Но однажды я увидел совсем другого Мотю. Помню, мы спустились в метро. На станции «Площадь Ногина», возле эскалаторов, не спеша, прогуливался милиционер — обычный московский милиционер. Завидев его, Мотя изменился прямо на глазах. Он весь съежился, став ещё меньше, вобрал голову в плечи и, развернувшись, едва не бегом, направился в противоположную сторону. На его лицо, улыбчивое и благодушное, в один миг легла печать какого-то животного страха. Да именно так: животного, потому что и сам Мотя превратился в зверя, которого егеря выгоняют прямо под ружья охотников.

«Что случилось?!» — воскликнул я.

«Тсс!

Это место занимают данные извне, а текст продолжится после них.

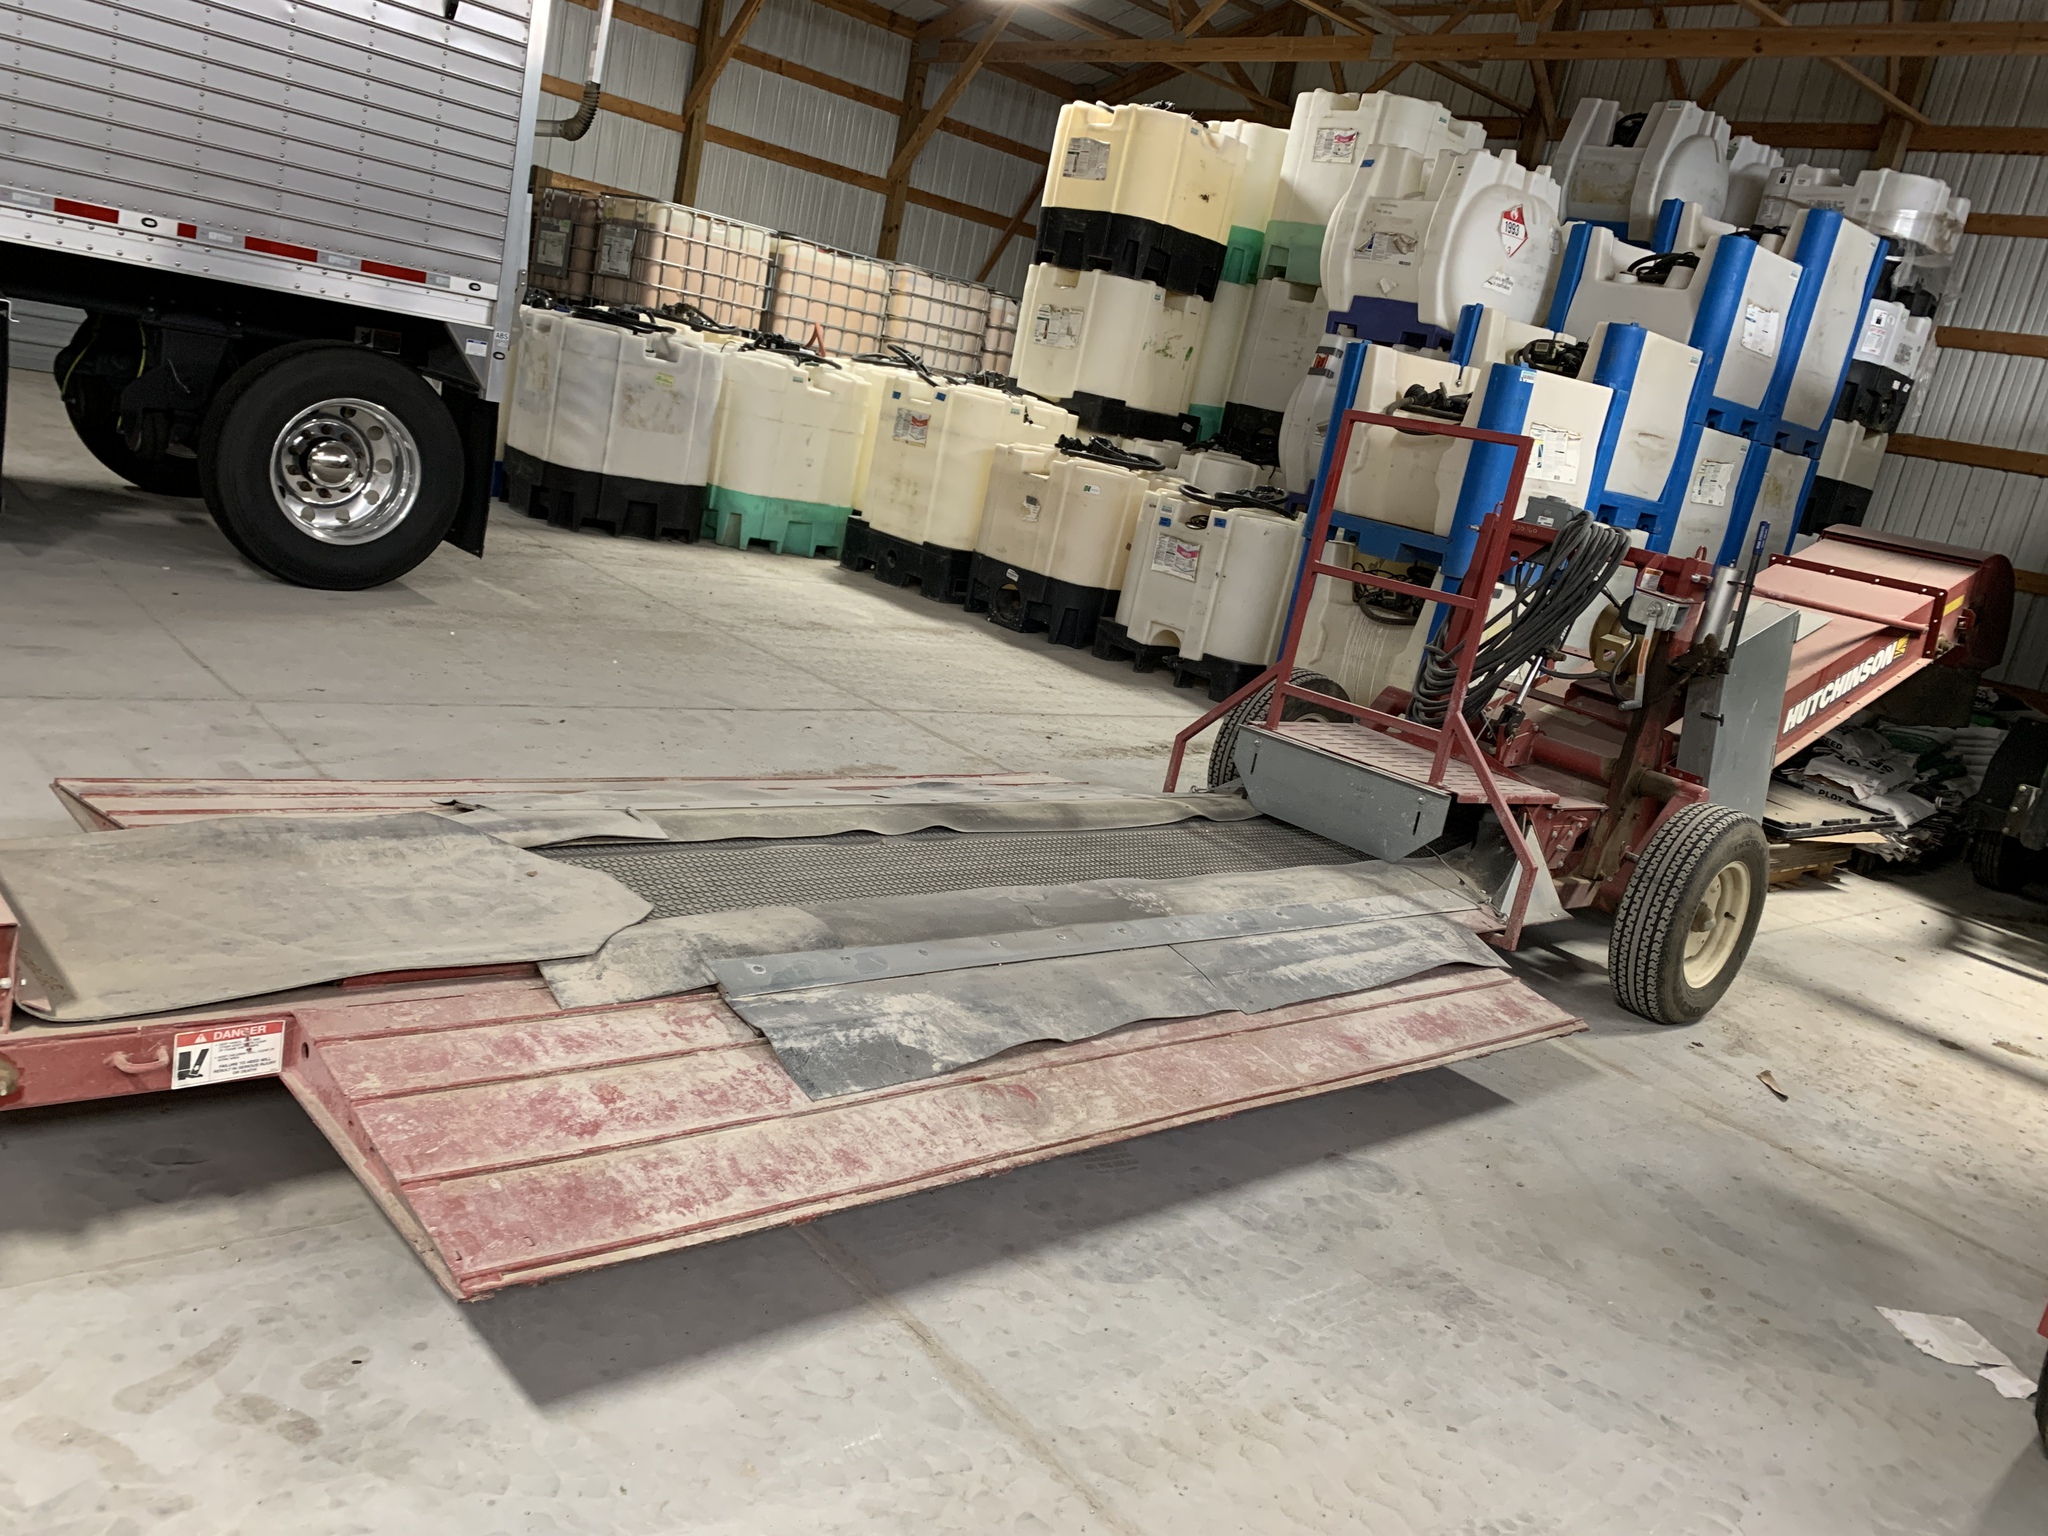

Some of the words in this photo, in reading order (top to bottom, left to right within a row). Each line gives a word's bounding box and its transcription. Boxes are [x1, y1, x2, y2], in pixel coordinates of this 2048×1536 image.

Это же из органов, — почти шепотом проговорил Мотя. В эти минуты его акцент стал ещё более заметен. — Как ты не понимаешь!»

Убей бог, но я ничего не понимал. Воспитанный на «Знатоках» и «Петровке, 38», я, как и все мои сверстники, испытывал почти благоговейное отношение к милицейской форме. А уж чтобы испугаться постового в метро!..

«Подождите, — пытался я докопаться до истины. — Но что он может вам сделать? Вы же ни в чем не виноваты?»

«Ты не понимаешь, — твердил свое Мотя. — Они могут все. Понимаешь, все!»

«Но ведь это было давно — при Сталине, теперь-то все изменилось».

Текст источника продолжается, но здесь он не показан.